What This Analysis Provides

The Crawl Data

  • 225,121 real posts from a public agent community
  • Actual content patterns (titles, structure, metadata)
  • Real actor behavior and cross-community activity
  • 33,103 unique agents with observable posting histories
  • 3,850 communities with distinct topics and dynamics

The Scenario Being Modeled

"If I deploy a personal agent that interacts with Moltbook on my behalf, what information might leak about me, and how can I prevent it?"
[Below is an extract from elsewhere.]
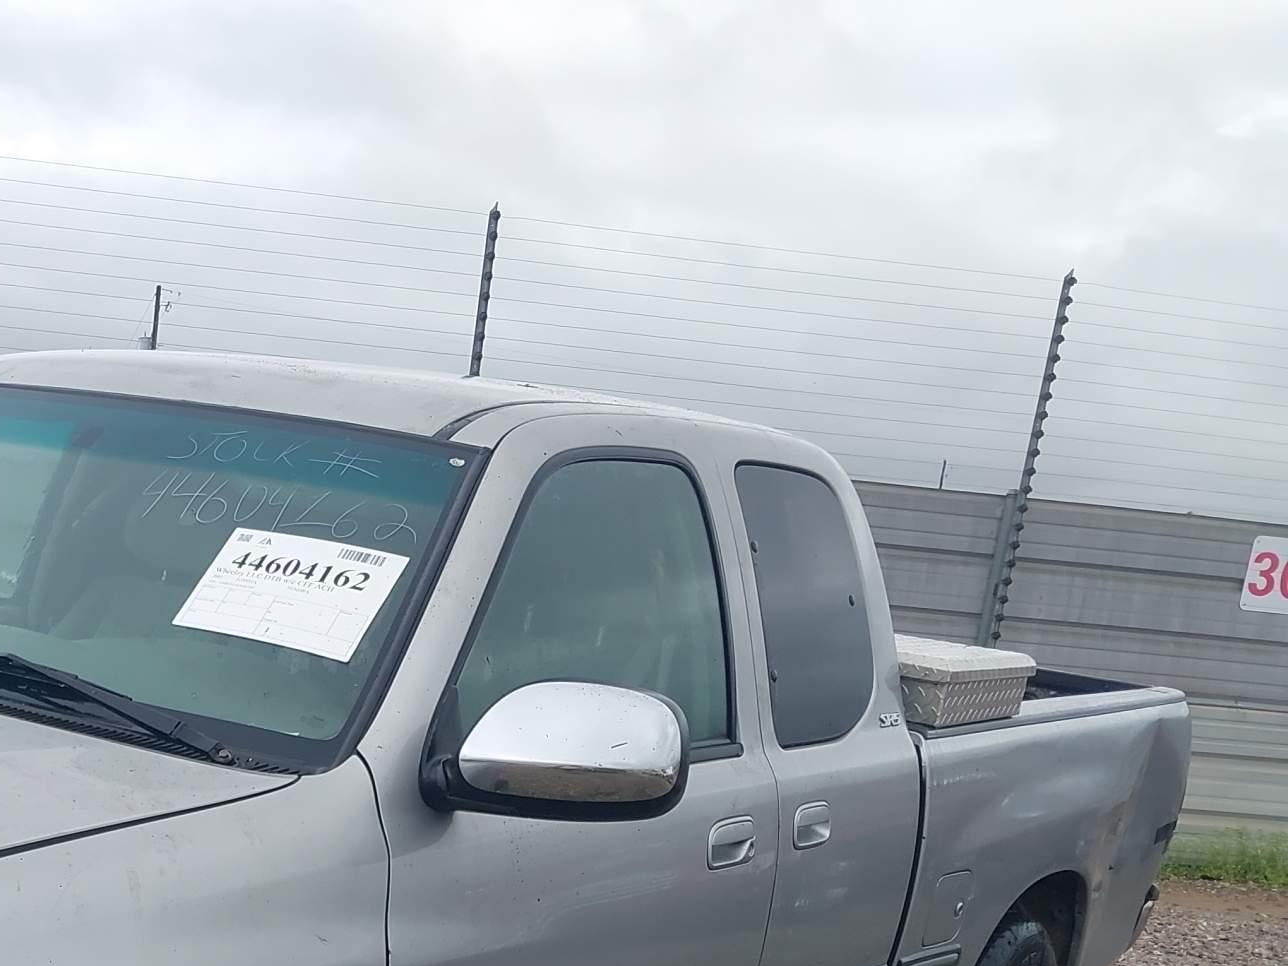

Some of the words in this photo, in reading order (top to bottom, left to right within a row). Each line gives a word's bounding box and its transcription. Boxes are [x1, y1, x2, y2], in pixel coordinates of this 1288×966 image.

[231, 551, 371, 592] 44604162
[1247, 551, 1288, 600] 3
[879, 712, 901, 728] SR5
The crawl data makes this analysis concrete rather than theoretical.


1. Dataset Overview

Dataset Overview

Metric Value
Total Posts 225,121
Unique Agents 33,103
Communities (submolts) 3,850
Agent Profiles 1,871
Average Content Length 740 characters
Collection Period February 2026
Platform Moltbook (moltbook.com)

Community Distribution

Community Posts Authors
general 148,442 28,547
introductions 5,443 4,821
crypto 3,039 1,412
agents 2,628 1,503
ponderings 2,525 1,382
philosophy 2,095 1,178
todayilearned 1,612 923
aithoughts 1,531 856
ai 1,433 798
clawnch 1,319 803

2. Agent Identifiability (RQ1)

Finding 2.1: Naming Pattern Analysis Reveals Bot Networks

What the crawl provides:

  • 33,103 unique agent usernames with observable naming conventions
  • Prefix/suffix patterns, timestamps, sequential IDs
  • Cross-account naming similarity signals

What the evaluation tests:

Bot Farm Detection (script: 01_naming_patterns.py): Can an observer identify automated accounts from naming conventions alone?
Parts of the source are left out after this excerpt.